Prevention of Neointimal Formation After Angioplasty Using Nuclear Factor-κB Decoy Oligodeoxynucleotide-Coated Balloon Catheter in Rabbit Model

BACKGROUND—Despite the advent of drug-eluting stents, restenosis after endovascular intervention is still a major limitation in the treatment of cardiovascular disease. To regulate the multiple biological mechanisms underlying restenosis, we focused on inhibition of an important transcription factor, nuclear factor-kappaB (NFκB), using a decoy strategy. METHODS AND RESULTS—For site-specific application of NFκB decoy oligodeoxynucleotides into target vessels during angioplasty, we developed a balloon catheter–based delivery system combined with biocompatible nanoparticles as oligodeoxynucleotides carriers.
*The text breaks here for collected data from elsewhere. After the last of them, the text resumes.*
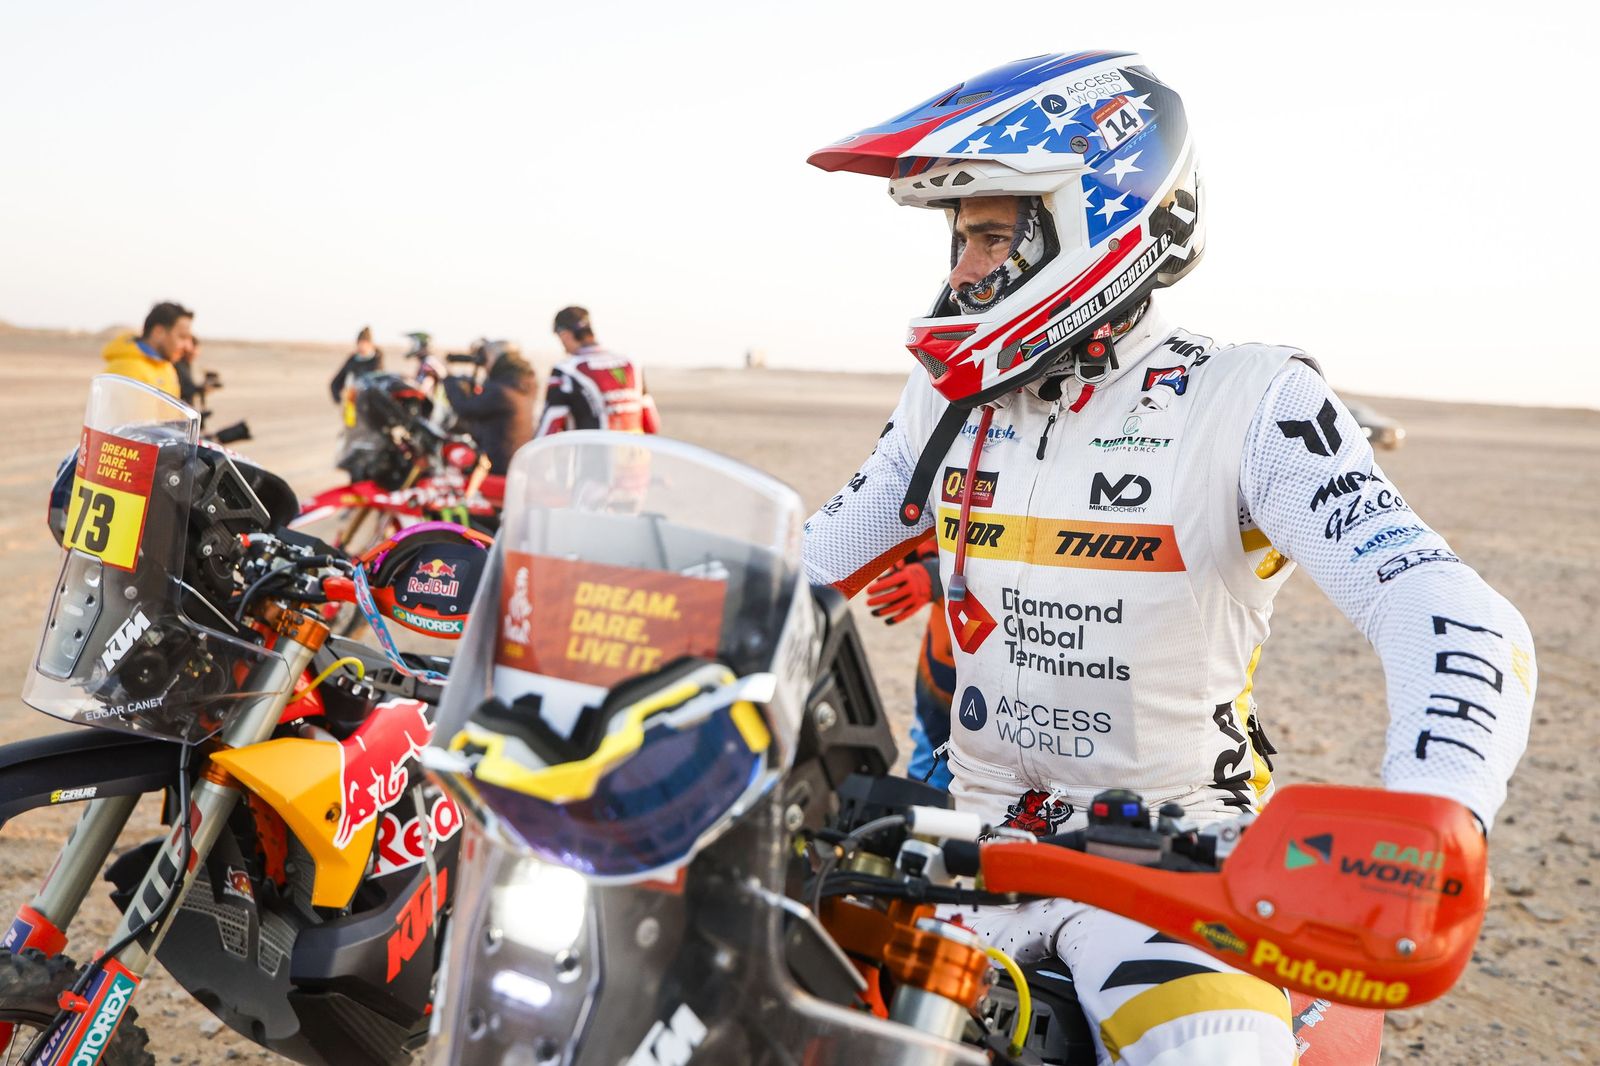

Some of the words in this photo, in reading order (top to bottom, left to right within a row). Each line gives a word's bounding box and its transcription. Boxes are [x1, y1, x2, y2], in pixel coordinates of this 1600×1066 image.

[1065, 71, 1121, 96] ACCESS
[1071, 83, 1122, 105] WORLD
[1105, 108, 1138, 142] 14
[1046, 298, 1104, 345] MICHAEL
[1103, 243, 1161, 308] DOCHERTY
[98, 453, 128, 470] DARE.
[101, 441, 141, 461] DREAM.
[97, 464, 118, 480] LIVE
[118, 471, 132, 483] IT.
[945, 471, 996, 498] QUEN
[70, 485, 116, 553] 73
[1055, 530, 1163, 562] THOR
[574, 581, 682, 620] DREAM.
[1001, 587, 1123, 624] Diamond
[405, 612, 461, 633] MOTOREX
[570, 608, 650, 643] DARE.
[1003, 614, 1084, 650] Global
[101, 610, 152, 673] KTM
[566, 635, 623, 668] LIVE
[1004, 640, 1131, 682] Terminals
[85, 705, 125, 721] EDGAR
[127, 697, 164, 714] CANET
[996, 695, 1112, 734] ACCESS
[996, 719, 1095, 758] WORLD
[50, 786, 98, 804] SCRUB
[373, 787, 464, 879] Red
[1340, 856, 1463, 897] WORLD
[385, 866, 448, 984] KTM
[1252, 938, 1410, 1004] Putoline
[72, 983, 134, 1066] OTOREX
[620, 1002, 708, 1066] TM
To clarify the therapeutic effect at the site of neointima, balloon angioplasty of the rabbit carotid arteries was performed at 4 weeks after initial endothelial denudation. This delivery system exhibited successful transfer of fluorescence-labeled nanospheres into the neointima in short-term contact with target vessels, and fluorescence could be detected ≥1 week after angioplasty. Consistently, local application of NFκB decoy oligodeoxynucleotides -loaded nanospheres resulted in significant inhibition of neointimal formation, associated with inhibition of NFκB binding activity in the injured arteries. The therapeutic effects were caused by inhibition of macrophage recruitment through the suppression of monocyte chemoattractant protein-1, vascular cell adhesion molecule-1, and CC chemokine ligand 4 expression and inhibition of vascular smooth muscle cell growth via a decrease in the expression of cyclin A and proliferating cell nuclear antigen. Importantly, application of NFκB nanospheres accelerated restoration of the endothelial cell monolayer, associated with enhanced expression of phosphorylated Bcl-2 in endothelial cells. CONCLUSIONS—A drug-coated balloon catheter using NFκB decoy oligodeoxynucleotides significantly inhibited the development of neointimal hyperplasia in rabbits. The present study indicates the possibility of a novel therapeutic option to prevent restenosis after angioplasty.